Do you have a novel that you read to your students every year? Usually it’s a book that is so special to you that you feel the overwhelming need to share it with as many people as possible; including but not limited to your 25-30 students. I have one of those novels; well a few actually, but my absolute favorite is Stargirl by Jerry Spinelli. If you’ve never read a Jerry Spinelli book, Stargirl in particular, you should probably drop everything you’re doing, hop on Amazon, and get to it. Well, read this first, then get to it.
This year has been no exception to my Stargirl tradition, however something is most definitely different with my experience this fall. I have been quite simply blown away by my students’ level of engagement, insight, and downright outpouring of love that they are sharing for the text that I adore so much. Unfortunately, this reaction is much different than that of past years, and I attribute it to three relatively minor changes that I’ve made in my instruction:
A Book for Each Child Ok, easier said than done. This year is the first year that I’ve had a copy of Stargirl for each one of my students and the difference with their engagement level has been astonishing. Stargirl is a difficult read; threaded with thoughtful analogies and breathtaking imagery. So much of those details were lost on my students when they were simply listening to me read and quite frankly, it’s those details that make the book so beautiful. Although I am still the one reading aloud, when following along my students are both seeing and hearing these words and descriptions, making it easier for them to comprehend, refer to the text, and match the audio cues from my oral reading to the words on the page. Realistically, you can’t always get a copy of every book you read for every kid, but I highly suggest making it happen somehow with at least a few select novels.
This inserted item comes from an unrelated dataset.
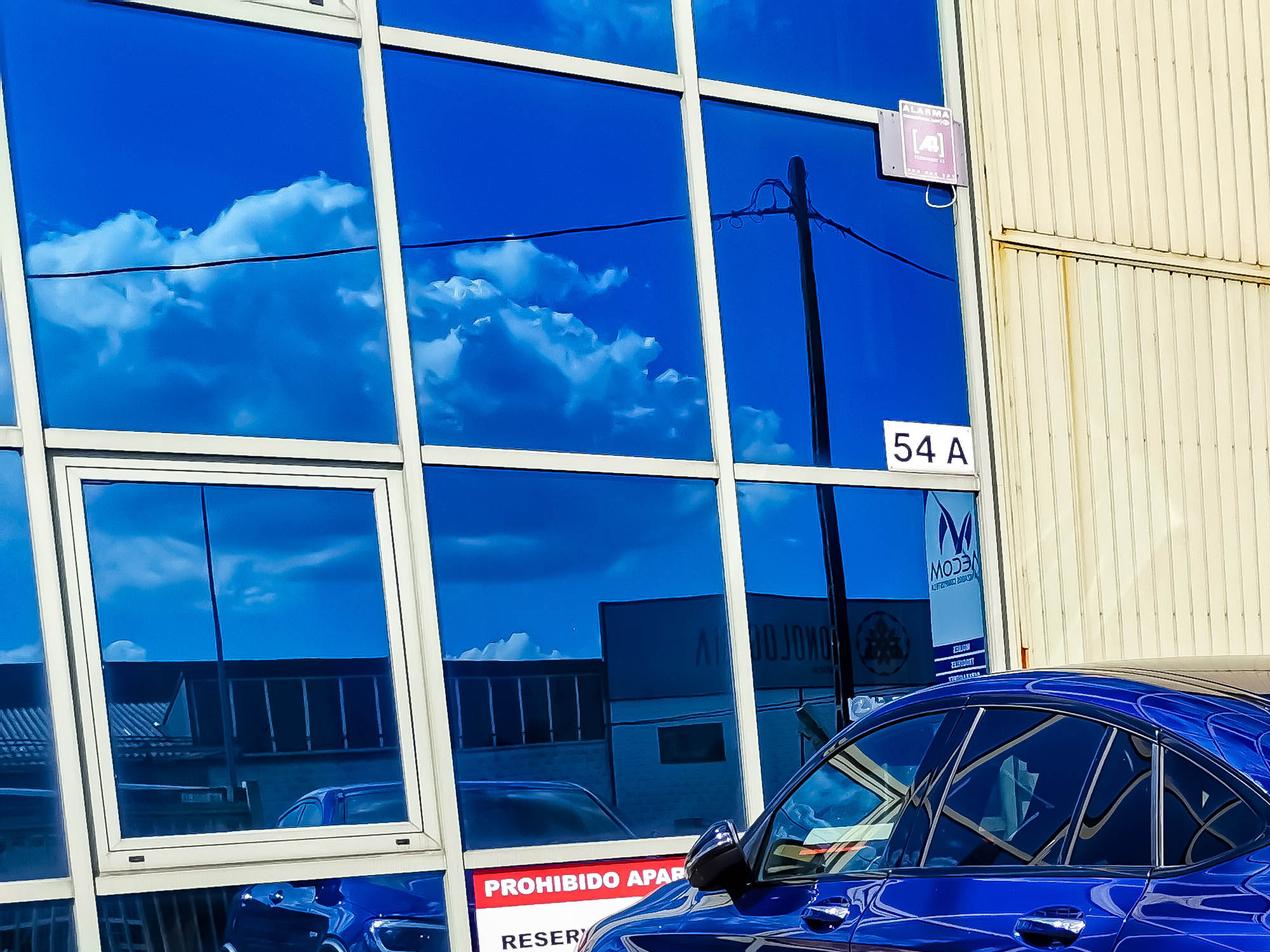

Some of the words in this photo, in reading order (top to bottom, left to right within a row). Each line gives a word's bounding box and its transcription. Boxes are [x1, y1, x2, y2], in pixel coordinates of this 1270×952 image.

Align to the Core The fact of the matter is, teaching our old favorites year after year is fine, but with Common Core State Standards, it will be necessary to teach them differently. No longer will just identifying major components of the text (characters, setting, problem, solution, etc.) suffice. Students are now asked to dig deeper into text, and really analyze the author’s message that is often inconspicuously woven throughout the storyline. Reading Stargirl through the lens of the 6th grade ELA standards has produced results that quite literally bring me to tears (ok, I only got choked up once). By pausing and discussing in strategic places, analyzing literary devices like foreshadowing, imagery, and symbolism and identifying recurring words or themes in the text, my students have become fascinated with Jerry Spinelli and his purpose for writing a book like Stargirl. When my students began to speak about the novel with the same eloquence with which Jerry Spinelli writes, I knew I was doing something right.
Get Help My third and final suggestion ties in nicely with aligning to the core. This is my second year aligning my instruction to the CCSS and I have found more often than not, that I need to reach out to colleagues and websites for help with resources. I don’t have time to re-create everything, and I doubt you do either. I invested a little bit of time, and even less money, on a great novel study that I found on Teachers Pay Teachers. I looked for something that was somewhat newly created, aligned to 6th grade Common Core State Standards, had reviews from other teachers, and had a sample for me to download. Unfortunately, not everything you find on the internet is good (can you believe that?!) so your knowledge of the standards will help you filter through and find the right fit for you to use with your class.
That’s it! Three small changes and I have seen a night and day difference from past years. Using the CCSS to guide my instruction has once again proven to raise the bar for my students, and with the support of well-chosen materials, and a tweak in my instruction, my students have most definitely risen to the occasion.